From my experience Xorg should do the heavy lifting these days by itself, meaning Xorg should detect all supported cards and screens by it self, so there is no single xorg.conf needed as back in the days. There is actually a very good guide here in the forum: HOWTO: Setup Xorg with NVIDIA's driver .

I would start with that guide and go from there.

My workstation: 2x 24" IPS ilyama screens connected to a docking station on top a Lenovo x270 Gen 1 and FreeBSD 12.3-p5 (started with FreeBSD 10.x if I remember correctly). This has been running in that configuration since 2018 (24/7 365) and I experienced no issues at all.


----------



## ziomario (Jul 19, 2022)

I've found the reason why it does not work and I've been able to make it work,at least,partially. The problem of the black screen arises because I'm using xfce4. It misses some components inside the code and it can't replicate on the monitor 2 what is displayed on the monitor 1. I've installed mate and it happened the same. So,I've got the idea. I've chosen KDE Plasma as DM and boom. It has been able to display on the monitor 2 the content of the monitor 1. Unfortunately the magic did not last too long. KDE crashed many times and at the end I've seen again the black screen on the monitor 2. So,what I want to do can be done,but only KDE is partially able to do it.
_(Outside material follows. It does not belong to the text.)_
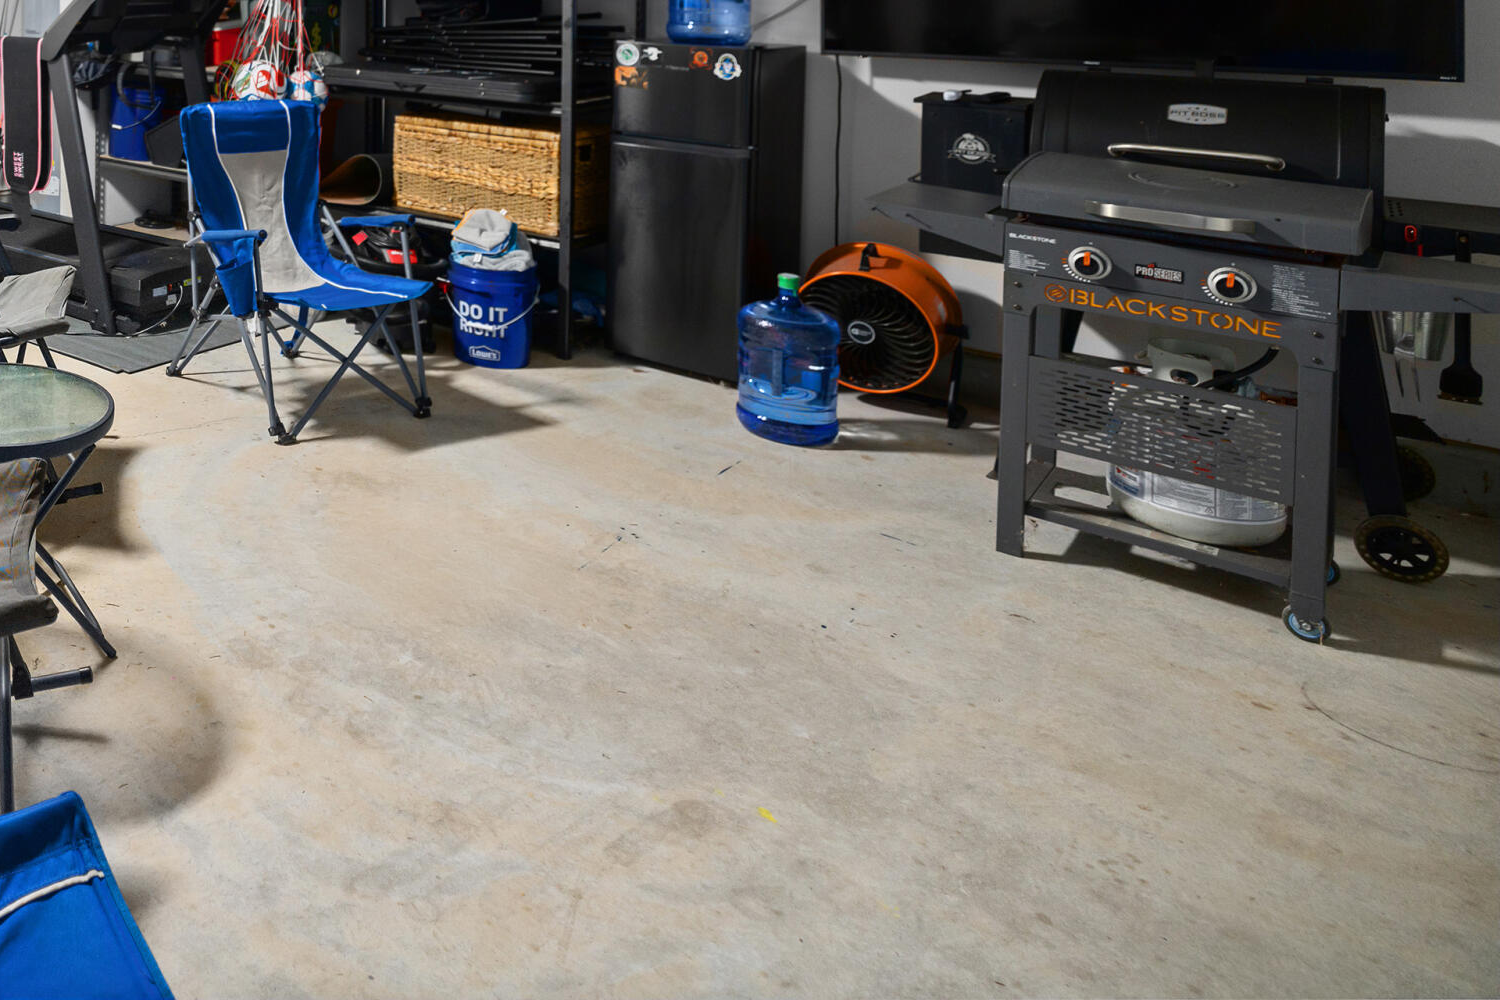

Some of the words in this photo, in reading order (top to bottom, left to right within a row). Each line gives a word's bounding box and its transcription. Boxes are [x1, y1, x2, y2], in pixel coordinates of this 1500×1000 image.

If KDE does it partially,do you know another DM that can do it better ? Below you can see what's the KDE component that crashed multiple times.


----------



## ziomario (Jul 19, 2022)

tanis said:


> From my experience Xorg should do the heavy lifting these days by itself, meaning Xorg should detect all supported cards and screens by it self, so there is no single xorg.conf needed as back in the days. There is actually a very good guide here in the forum: HOWTO: Setup Xorg with NVIDIA's driver .
> 
> I would start with that guide and go from there.
> 
> My workstation: 2x 24" IPS ilyama screens connected to a docking station on top a Lenovo x270 Gen 1 and FreeBSD 12.3-p5 (started with FreeBSD 10.x if I remember correctly). This has been running in that configuration since 2018 (24/7 365) and I experienced no issues at all.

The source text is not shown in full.